»»

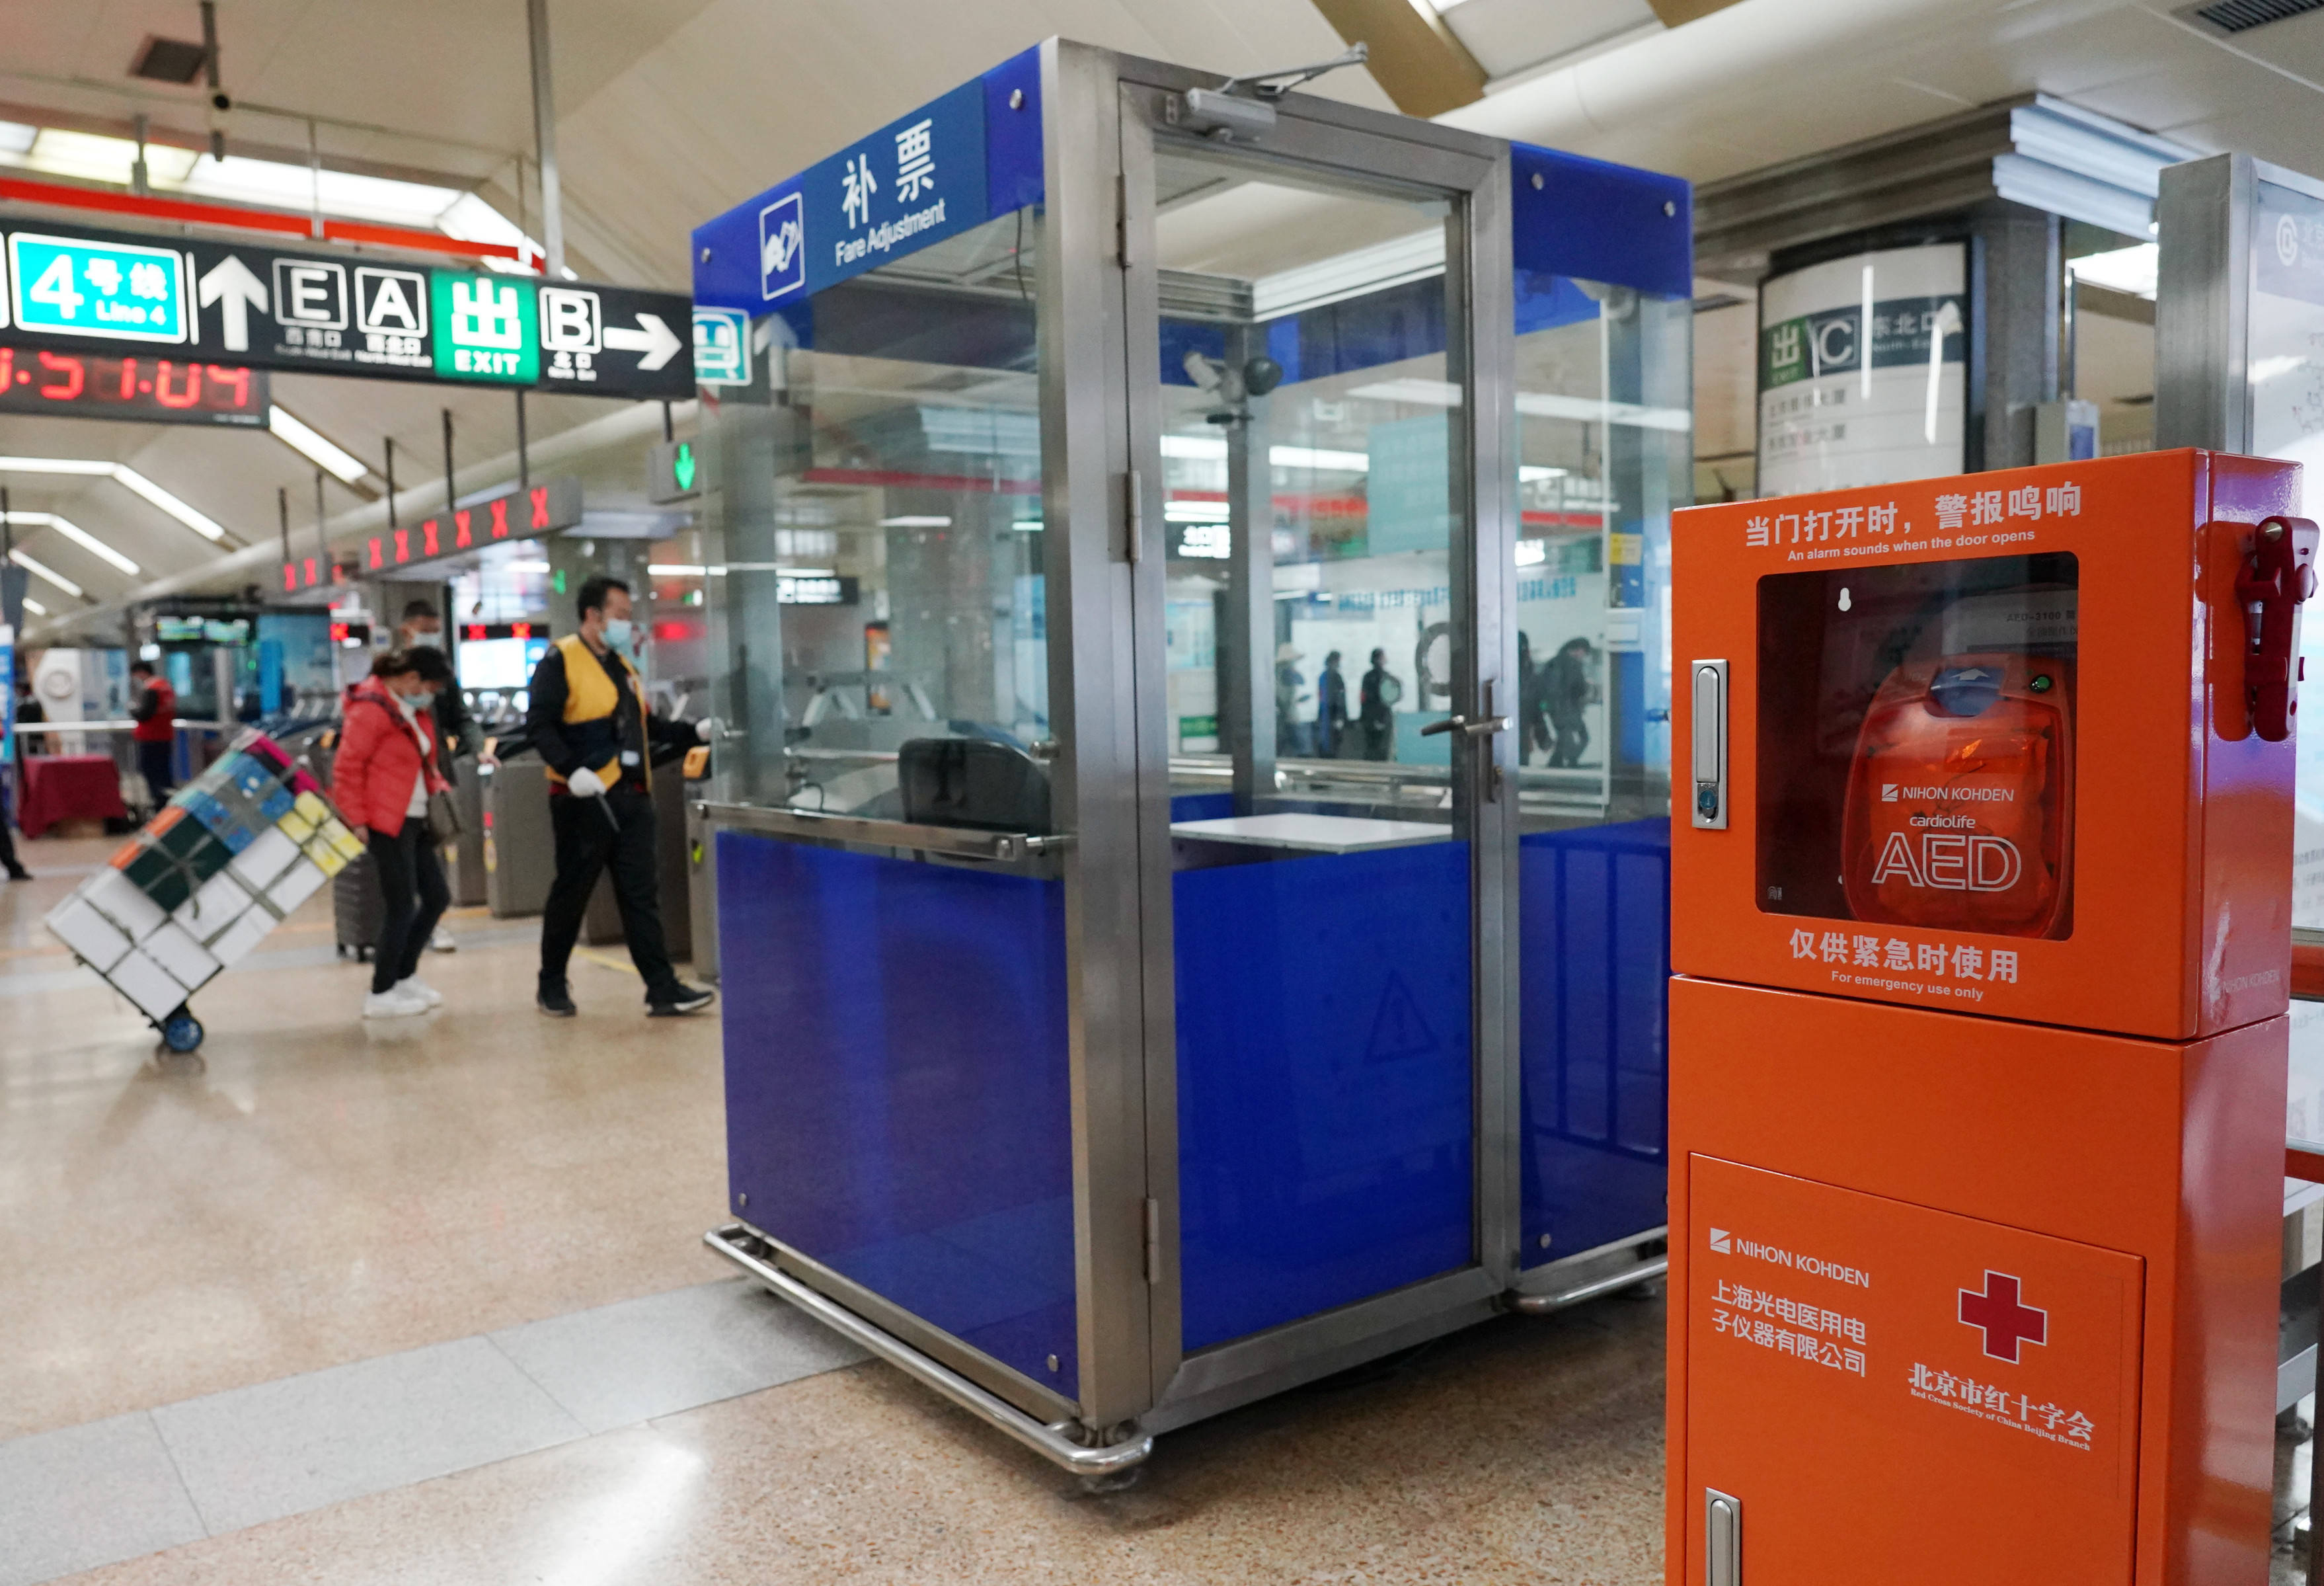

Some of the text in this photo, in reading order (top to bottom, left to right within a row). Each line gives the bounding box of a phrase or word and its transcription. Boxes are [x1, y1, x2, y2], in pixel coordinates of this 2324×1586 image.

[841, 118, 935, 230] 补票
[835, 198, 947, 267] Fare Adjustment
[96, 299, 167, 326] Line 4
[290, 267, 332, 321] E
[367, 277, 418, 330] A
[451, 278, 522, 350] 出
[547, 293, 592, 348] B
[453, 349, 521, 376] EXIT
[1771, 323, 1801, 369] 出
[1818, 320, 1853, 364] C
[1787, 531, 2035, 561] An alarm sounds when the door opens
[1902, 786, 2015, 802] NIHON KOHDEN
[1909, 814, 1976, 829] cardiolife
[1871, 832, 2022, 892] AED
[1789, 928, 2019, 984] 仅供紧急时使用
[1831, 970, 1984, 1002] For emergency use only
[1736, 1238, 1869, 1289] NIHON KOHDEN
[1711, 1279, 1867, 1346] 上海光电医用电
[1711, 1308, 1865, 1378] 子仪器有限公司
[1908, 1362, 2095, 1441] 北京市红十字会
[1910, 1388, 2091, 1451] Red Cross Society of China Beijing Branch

««

◆ **Task brief**: From the first line to the last, set down the records above exactly and skip the pictures.

◆ **Response to this exercise**:
Some of the text in this photo, in reading order (top to bottom, left to right within a row). Each line gives the bounding box of a phrase or word and its transcription. Boxes are [x1, y1, x2, y2], in pixel coordinates of this 2324×1586 image.

[841, 118, 935, 230] 补票
[835, 198, 947, 267] Fare Adjustment
[96, 299, 167, 326] Line 4
[290, 267, 332, 321] E
[367, 277, 418, 330] A
[451, 278, 522, 350] 出
[547, 293, 592, 348] B
[453, 349, 521, 376] EXIT
[1771, 323, 1801, 369] 出
[1818, 320, 1853, 364] C
[1787, 531, 2035, 561] An alarm sounds when the door opens
[1902, 786, 2015, 802] NIHON KOHDEN
[1909, 814, 1976, 829] cardiolife
[1871, 832, 2022, 892] AED
[1789, 928, 2019, 984] 仅供紧急时使用
[1831, 970, 1984, 1002] For emergency use only
[1736, 1238, 1869, 1289] NIHON KOHDEN
[1711, 1279, 1867, 1346] 上海光电医用电
[1711, 1308, 1865, 1378] 子仪器有限公司
[1908, 1362, 2095, 1441] 北京市红十字会
[1910, 1388, 2091, 1451] Red Cross Society of China Beijing Branch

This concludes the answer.